Problem: Give the listing again exactly, omitting its images.

◇ ◇ ◇ ◇ ◇ ◇ ◇

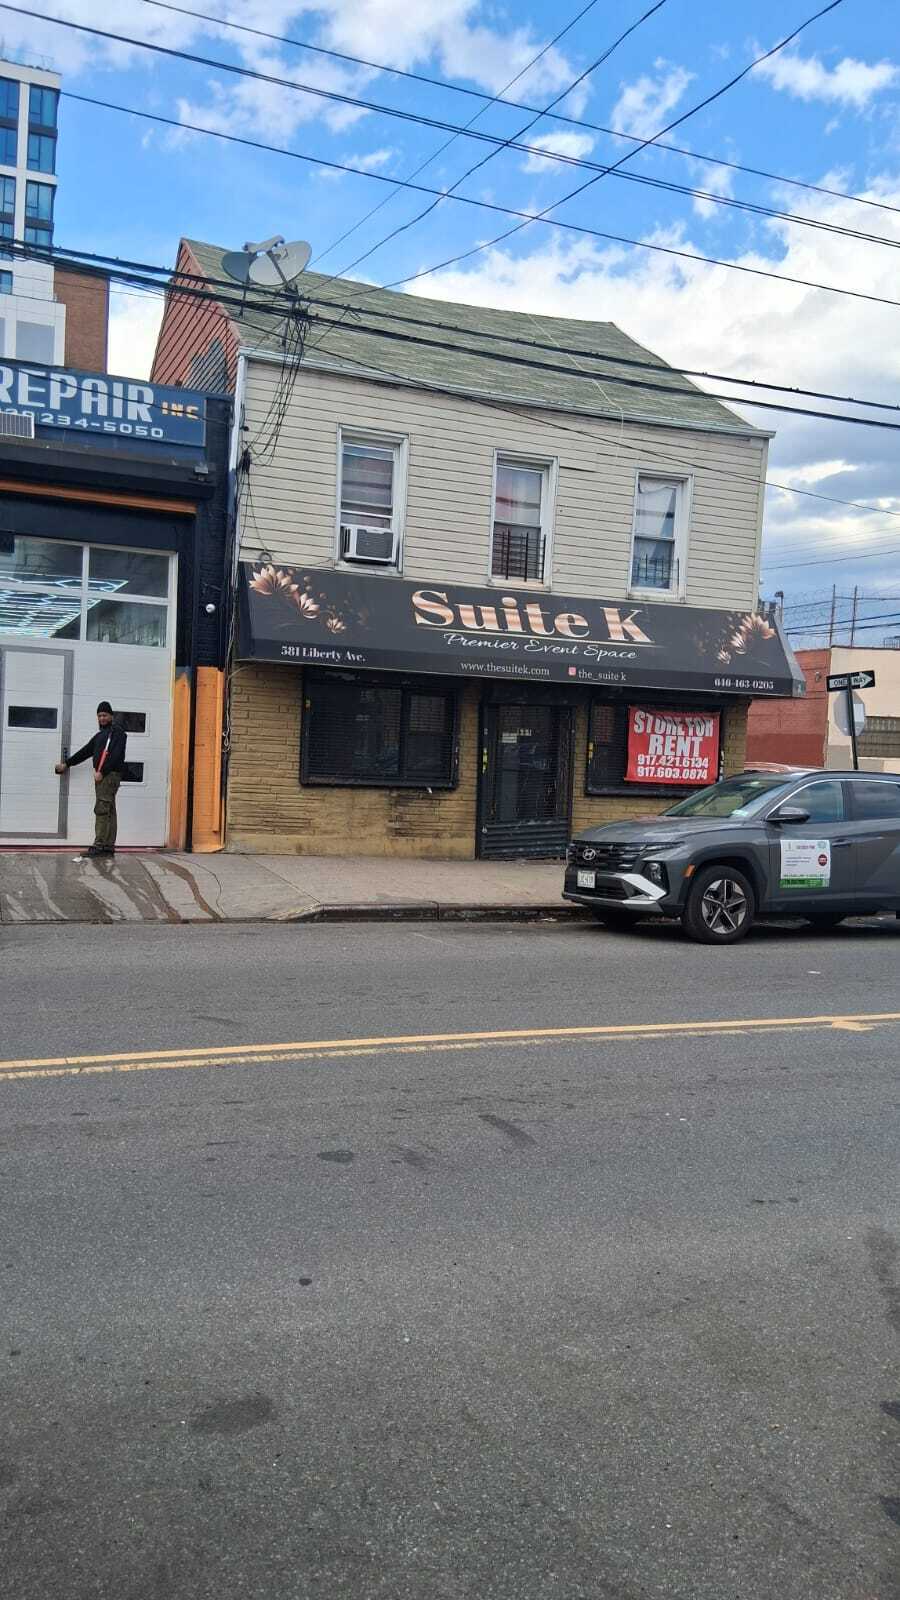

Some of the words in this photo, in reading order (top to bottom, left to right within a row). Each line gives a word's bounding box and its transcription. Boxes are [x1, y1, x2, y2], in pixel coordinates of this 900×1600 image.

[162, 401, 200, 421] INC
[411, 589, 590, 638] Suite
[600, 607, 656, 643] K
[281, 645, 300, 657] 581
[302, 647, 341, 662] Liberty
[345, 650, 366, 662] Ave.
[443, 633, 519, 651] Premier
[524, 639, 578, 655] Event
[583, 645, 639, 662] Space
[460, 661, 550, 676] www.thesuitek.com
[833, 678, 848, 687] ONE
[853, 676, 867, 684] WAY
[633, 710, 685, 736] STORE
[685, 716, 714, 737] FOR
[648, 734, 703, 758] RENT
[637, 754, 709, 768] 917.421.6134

◇ ◇ ◇ ◇ ◇ ◇ ◇

Solution:
Some of the words in this photo, in reading order (top to bottom, left to right within a row). Each line gives a word's bounding box and its transcription. Boxes are [x1, y1, x2, y2], in pixel coordinates of this 900×1600 image.

[162, 401, 200, 421] INC
[411, 589, 590, 638] Suite
[600, 607, 656, 643] K
[281, 645, 300, 657] 581
[302, 647, 341, 662] Liberty
[345, 650, 366, 662] Ave.
[443, 633, 519, 651] Premier
[524, 639, 578, 655] Event
[583, 645, 639, 662] Space
[460, 661, 550, 676] www.thesuitek.com
[833, 678, 848, 687] ONE
[853, 676, 867, 684] WAY
[633, 710, 685, 736] STORE
[685, 716, 714, 737] FOR
[648, 734, 703, 758] RENT
[637, 754, 709, 768] 917.421.6134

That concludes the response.